Лена объяснила все просто. Посмотри, мол, на Костикова: маленький, горбатый, лысенький, да еще и с тросточкой ходит: одна нога короче другой — вылитый крошка Цахес! Его девушки никогда не любили. А если и любили, то по расчету: чтоб зачет получить или экзамен ему сдать, — по крайней мере такие слухи упорно ходили по нашей альма-матер. «Да он просто-напросто завидует молодым здоровым парням! — утверждала Лена. — Он, может, многое бы отдал, лишь бы его искренне поцеловала девушка. Кстати, замечено: парней он только так на экзаменах срезает, больше «четверки» они у него никогда не получают. Не веришь?»
Вообще-то, не верил, пока не пришло время сдавать Костикову зачет. Вопросы мне попались что надо, и я бойко отбарабанил ответы. Однако препод нахмурился: «Поверхностно. А что по такому-то поводу написал Энгельс в таком-то письме к Марксу?». Как ни странно, но я знал, что именно писал Фридрих своему другу — перед зачетом успел проштудировать часть рекомендованной литературы. «Да? — Костиков удивленно приподнял бровь. — Может быть, вы ответите на вопрос еще конкретнее: какую именно фразу Энгельс выделил в письме?». Я напряг память, вспомнил и это. «Хорошо, кивнул Костиков. — А в чьем переводе вы читали письмо Энгельса?». И тут я снова не выдержал и, едва сдерживая злость, осведомился: «Извините, я сдаю курс марксистко-ленинской философии или языковедения?». На что препод, ласково глядя мне прямо в глаза, невозмутимо ответил: «Переводы бывают разные. Одно неверное слово может изменить весь смысл. Значит, не знаете ответа?». И тут, — уж не знаю, как у меня получилось, — в памяти ярко вспыхнула та самая страничка со списком рекомендованной литературы. «Собрание сочинений Карла Маркса и Фридриха Энгельса, том номер такой-то, страницы такие-то, — отчеканил я. — Не думаю, чтобы туда попал чей-то недобросовестный перевод. Или вы считаете иначе?».

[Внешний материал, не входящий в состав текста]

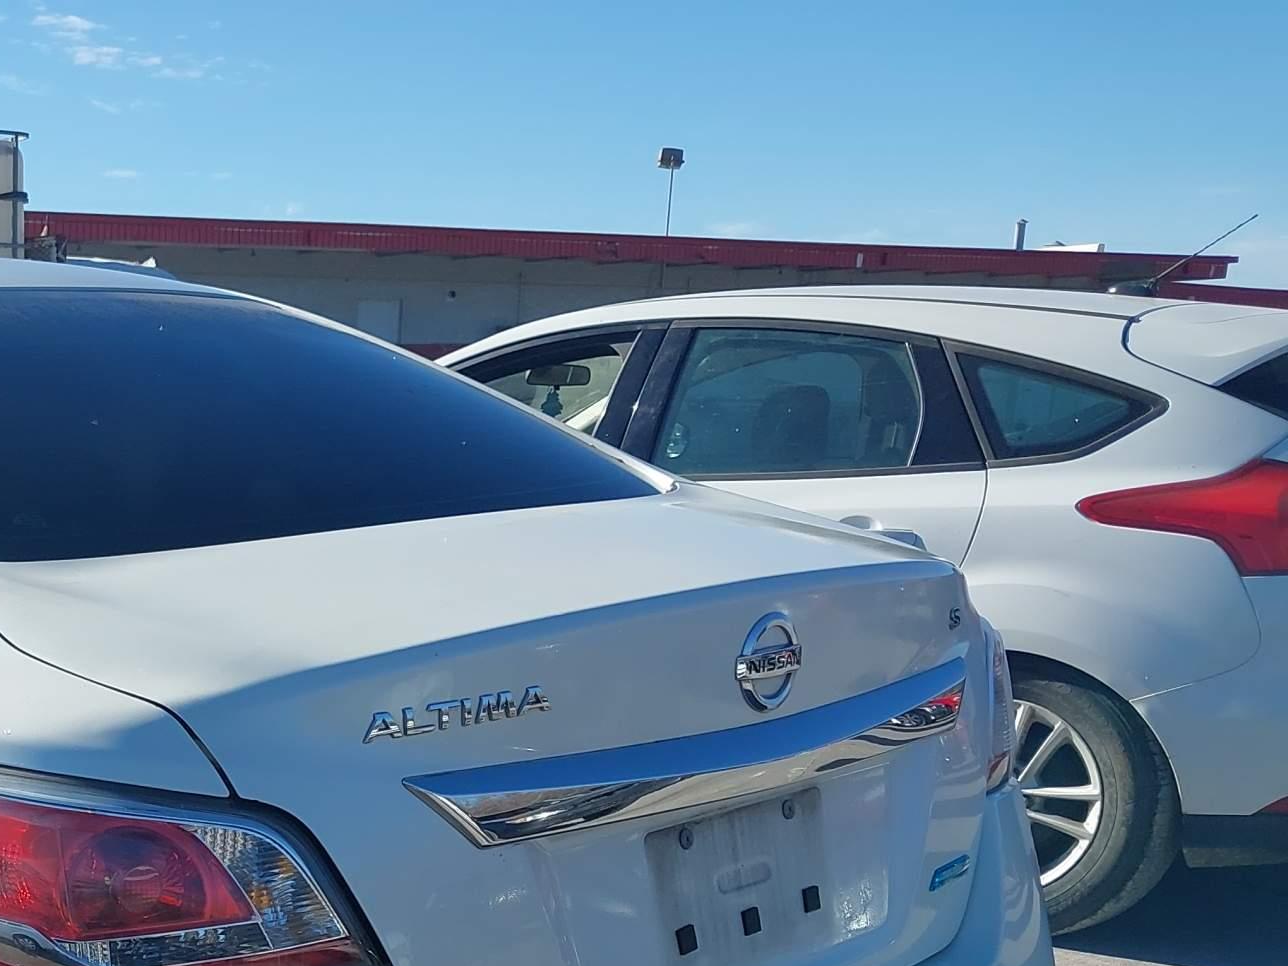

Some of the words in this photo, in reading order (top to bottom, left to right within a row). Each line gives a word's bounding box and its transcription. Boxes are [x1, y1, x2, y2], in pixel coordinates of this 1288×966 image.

Наверное, я перешел все границы дозволенного. Никто из студентов никогда не разговаривал так с Костиковым. Его панически боялись. Я тоже боялся. До такой степени праздновал труса, что страх каким-то образом мобилизовал всю мою память, и я в мельчайших подробностях вспомнил даже проклятый список литературы — чисто зрительно, вплоть до запятых. Бывает же такое!

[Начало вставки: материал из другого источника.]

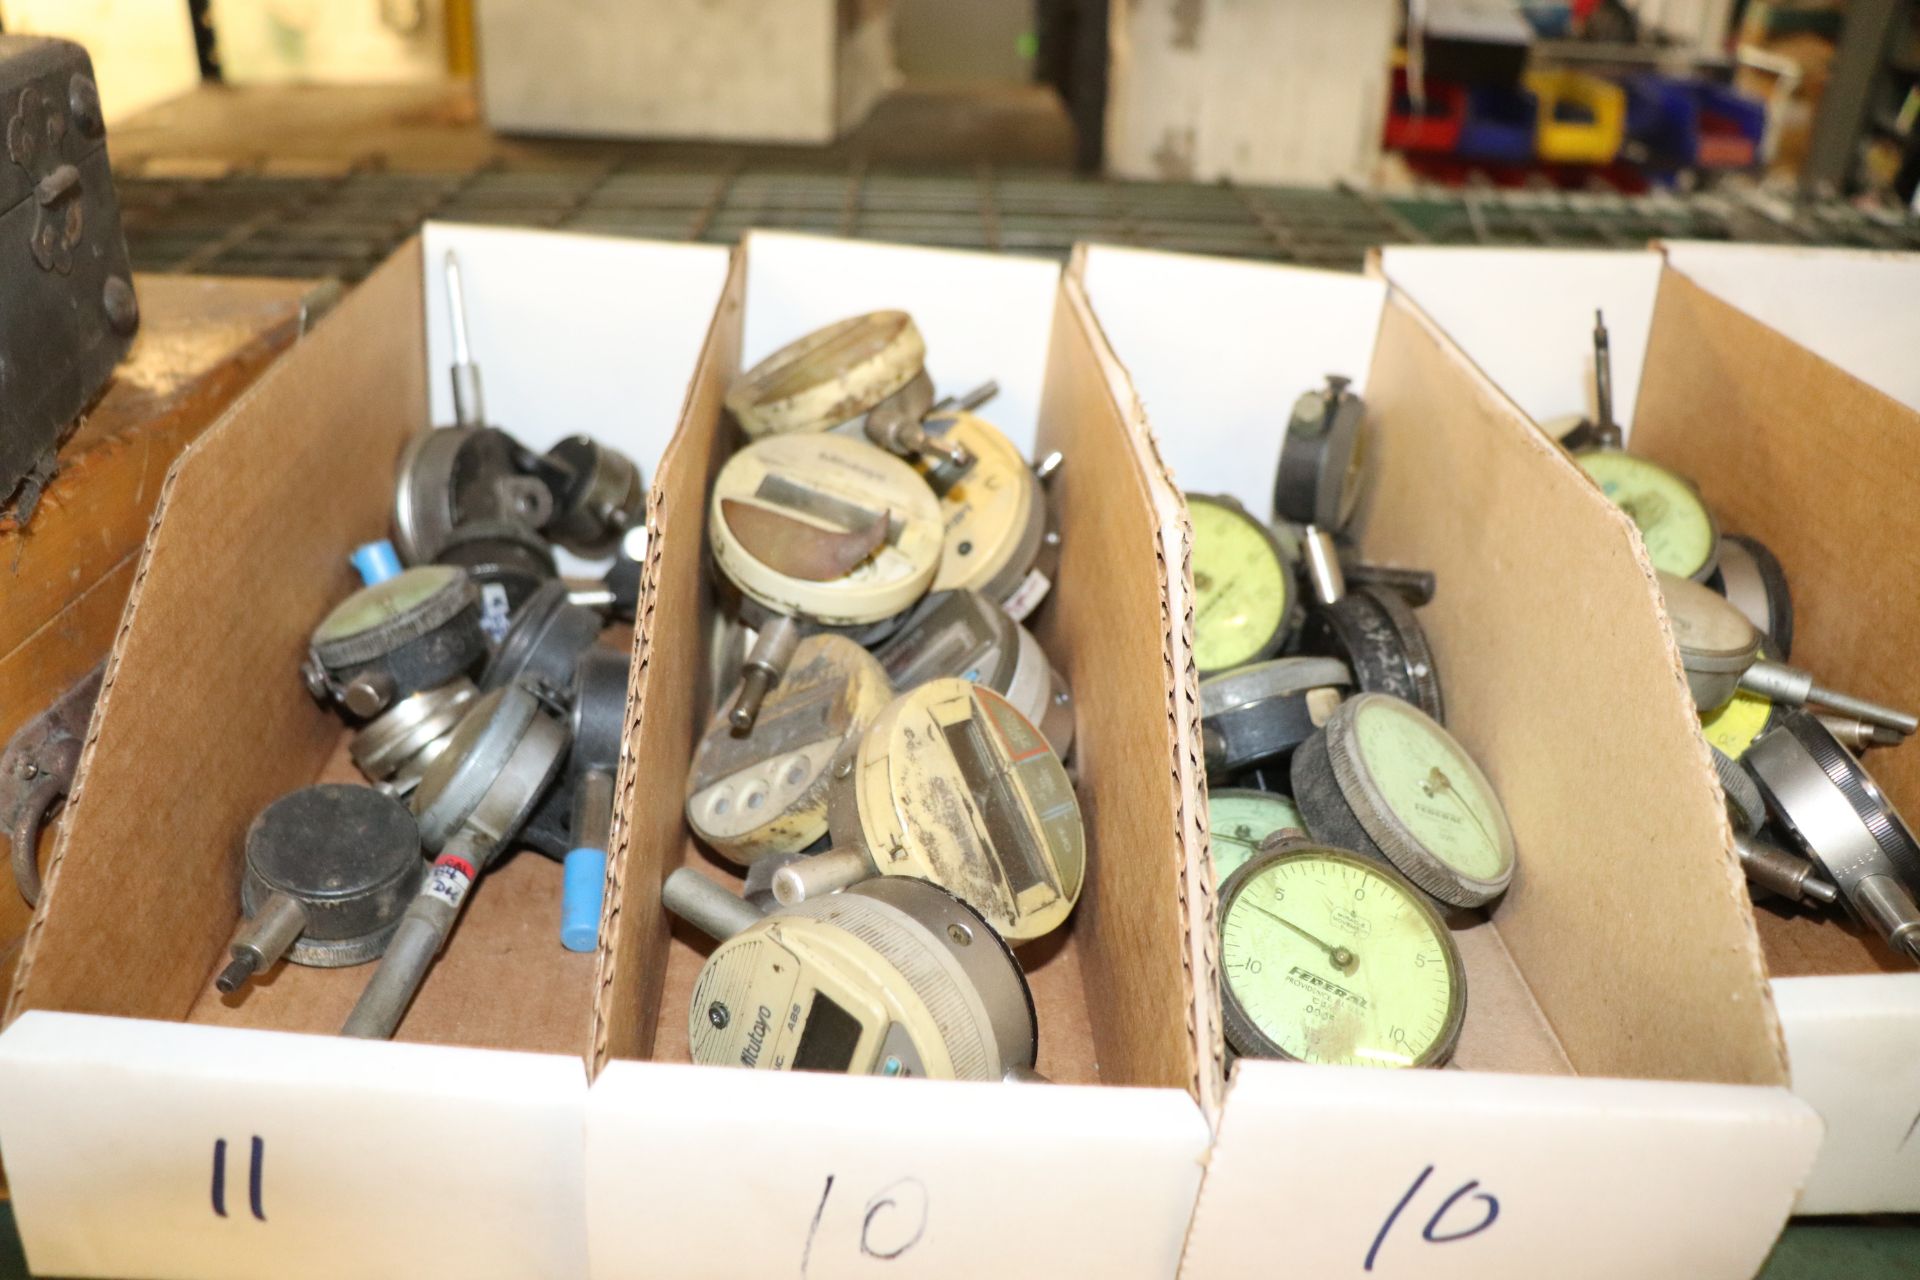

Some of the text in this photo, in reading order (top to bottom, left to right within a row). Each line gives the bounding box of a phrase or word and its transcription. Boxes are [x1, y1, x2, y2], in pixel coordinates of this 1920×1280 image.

Костиков помрачнел, молча взял зачетку, расписался в ней и, подняв на меня прозрачные синие глаза, кивнул: «Надеюсь, в следующем семестре вы более тщательно подготовитесь к экзамену». Хотя до экзамена еще далеко, я понимал, что препод непременно захочет взять на нем реванш, но пока я вздохнул с облегчением. Уж как-нибудь, даст Бог, пронесет.

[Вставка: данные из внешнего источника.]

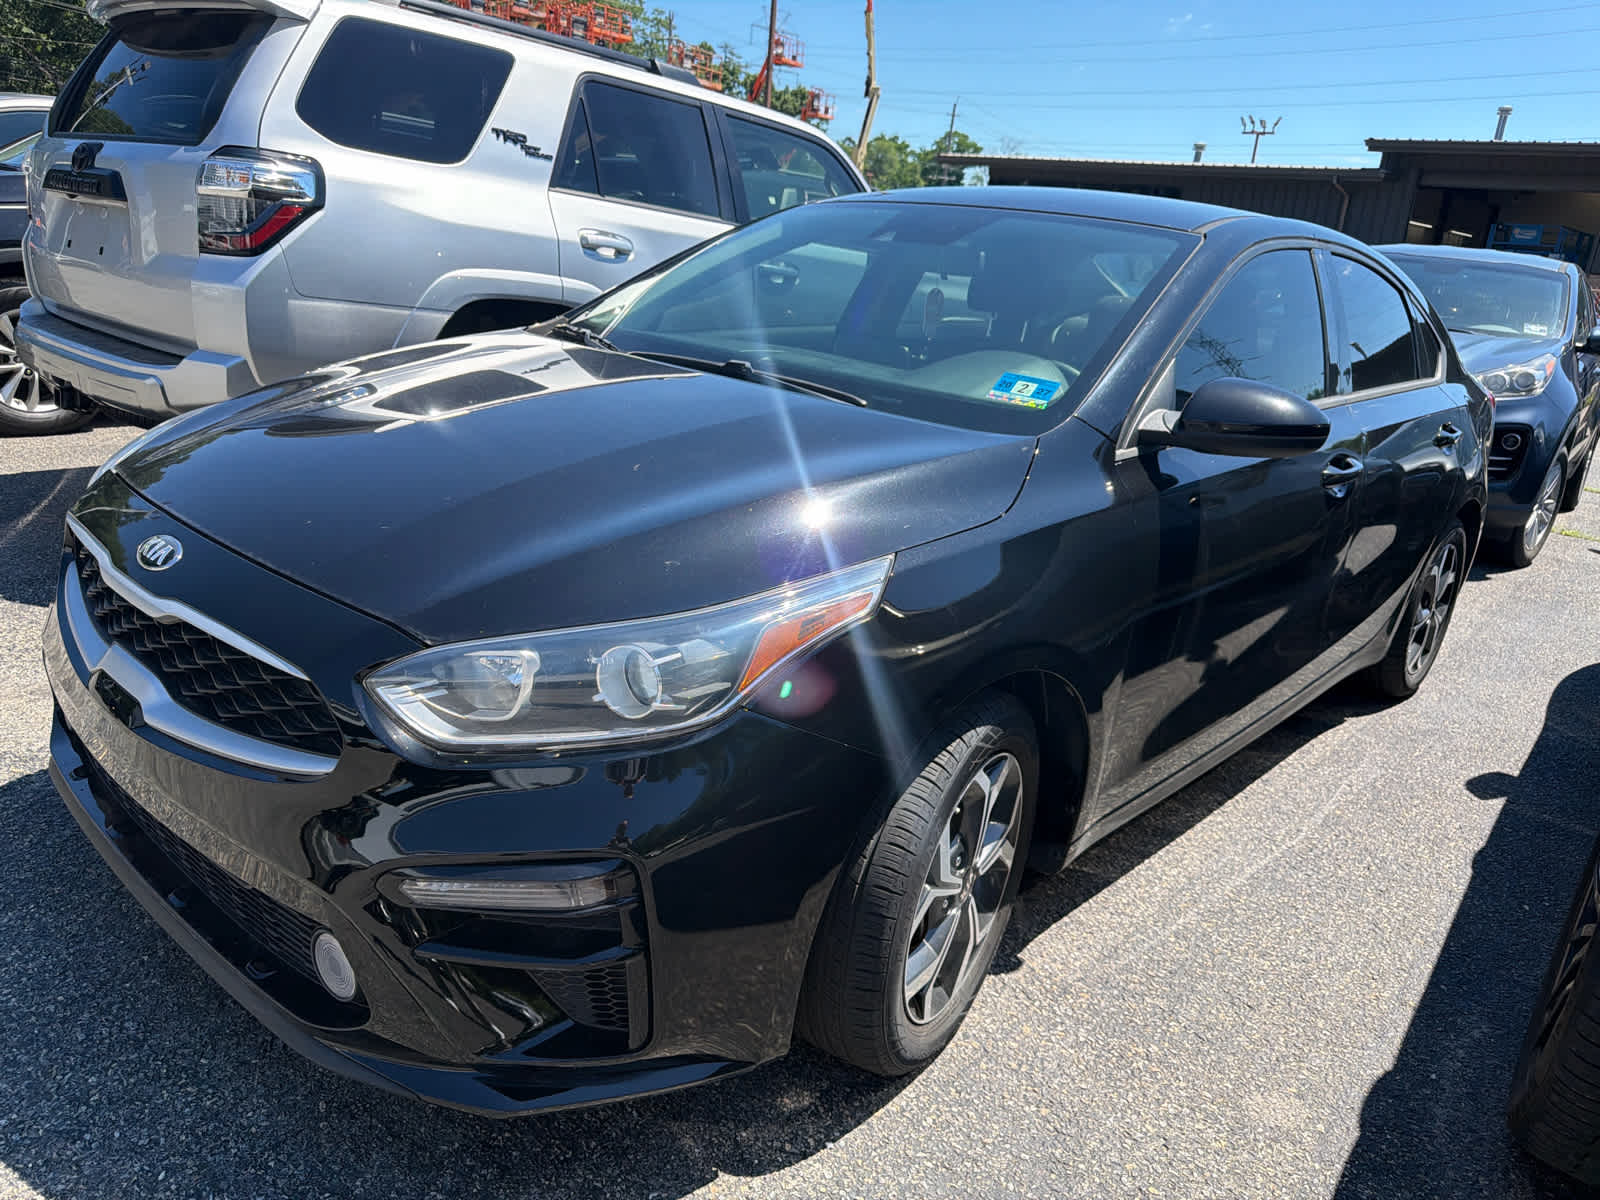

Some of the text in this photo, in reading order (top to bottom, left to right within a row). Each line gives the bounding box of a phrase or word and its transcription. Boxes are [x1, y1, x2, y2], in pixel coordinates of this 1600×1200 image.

[491, 127, 527, 146] TRD
[1017, 383, 1030, 394] 2
[138, 538, 174, 566] KIA

Но ни о чем таком рассказать Зое я не мог. Мы просто пошли бродить по набережной, выпили по молочному коктейлю в любимом студентами кафе «Пингвин», натрескались ватрушек и чебуреков в «Пирожковой» на Океанском проспекте, пошуршали листьями в скверике у краеведческого музея, забрались на сопку Орлиное гнездо, откуда взору открывается все великолепие бухты Золотой Рог, и я бы, наверное, потащил Зойку еще на морвокзал, чтобы она посмотрела на белоснежные теплоходы, но она взглянула на часы:
— Ой-ей-ей! Через полчаса я должна быть в гостинице. Мои ребятки вернутся с экскурсии. Пока они под присмотром местных экскурсоводов. Я должна принять их из рук в руки.
— Зой, ты чего так говоришь о детях? — удивился я. — Принять. Из рук в руки. Как на складе. А накладную заполнять не надо?
Зоя обиделась и вспылила. Принялась объяснять, что педагогика — не только, извините, романтика и всяческое новаторство, но и ответственность. Эле-мен-тар-ная! Родители доверили ей своих детей. Значит, она должна оберегать их, следить за их здоровьем, вовремя накормить-напоить, спать уложить. И не дай Бог, чтобы случилось какое-нибудь ЧП, которое может лечь несмываемым пятном на репутацию всей школы.
— Тяжелая работенка у тебя, — пожалел я.
— Ничего, справимся! — Зойка оптимистично улыбнулась. — Зато есть возможность иногда приезжать во Владивосток. На зимних каникулах, кстати, сюда поезд пойдет. Называется «Красная гвоздика». Пассажиры — юные следопыты и краеведы…
— Ясно, — кивнул я. Мне стало скучно слушать про экскурсии для школьников.
— Значит, увидимся, — заверила Зоя.
— Непременно, — подтвердил я.
— Наш поезд завтра в восемь вечера уходит, — сообщила Зоя. — Может, что-то захочешь родителям передать? Они будут, наверное, рады…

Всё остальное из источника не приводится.